The author said "we can force the advantage function estimator to have zero advantage at the chosen action."

For the equation $$(8)$$ below, is it correct that $$A - maxA$$ is at most zero?

... lack of identifiability is mirrored by poor practical performance when this equation is used directly.

To address this issue of identifiability, we can force the advantage function estimator to have zero advantage at the chosen action. That is, we let the last module of the network implement the forward mapping

$$Q(s, a; \theta, \alpha, \beta) = V(s; \theta, \beta) + \left( A(s, a; \theta, \alpha) - \max_{a' \in | \mathcal{A} |} A(s, a'; \theta, \alpha) \right). \tag{8}$$

Now, for $$a^∗ = \text{arg max}_{a' \in \mathcal{A}} Q(s, a'; \theta, \alpha, \beta) = \text{arg max}_{a' \in \mathcal{A}} A(s, a'; \theta, \alpha)$$, we obtain $$Q(s, a^∗; \theta, \alpha, \beta) = V (s; \theta, \beta)$$. Hence, the stream $$V(s; \theta, \beta)$$ provides an estimate of the value function, while the other stream produces an estimate of the advantage function.

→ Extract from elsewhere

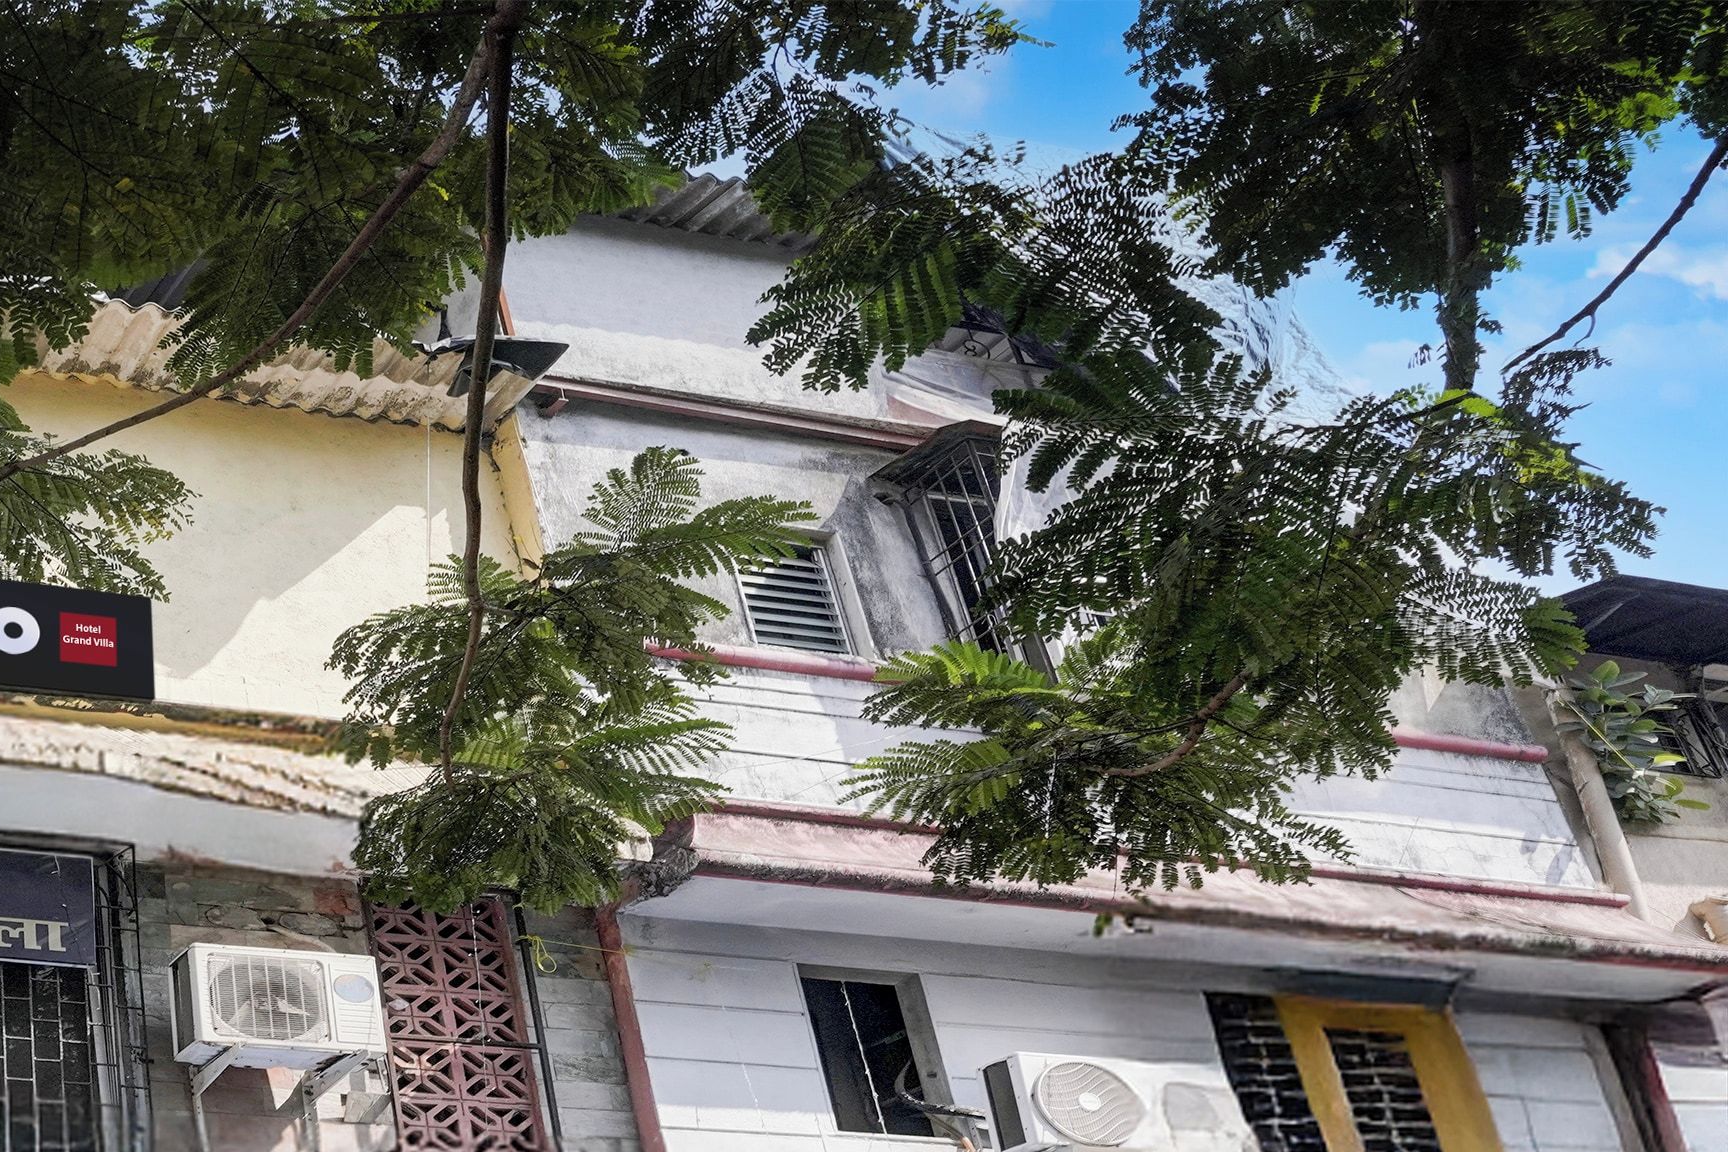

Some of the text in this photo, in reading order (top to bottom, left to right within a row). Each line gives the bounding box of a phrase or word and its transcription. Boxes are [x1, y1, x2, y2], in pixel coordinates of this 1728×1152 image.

I would like to request further explanation on Equation 9, when the author wrote what is bracketed between the red parentheses below.

An alternative module replaces the max operator with an average:

$$Q(s, a; \theta, \alpha, \beta) = V (s; \theta, \beta) + \left( A(s, a; \theta, \alpha) − \frac {1} {|A|} \sum_{a' \in \mathcal{A}} A(s, a'; \theta, \alpha) \right). \tag{9}$$

On the one hand this loses the original semantics of $$V$$ and $$A$$ because they are now off-target by a constant, but on the other hand it increases the stability of the optimization: with (9) the advantages only need to change as fast as the mean, instead of having to compensate any change to the optimal action’s advantage in (8).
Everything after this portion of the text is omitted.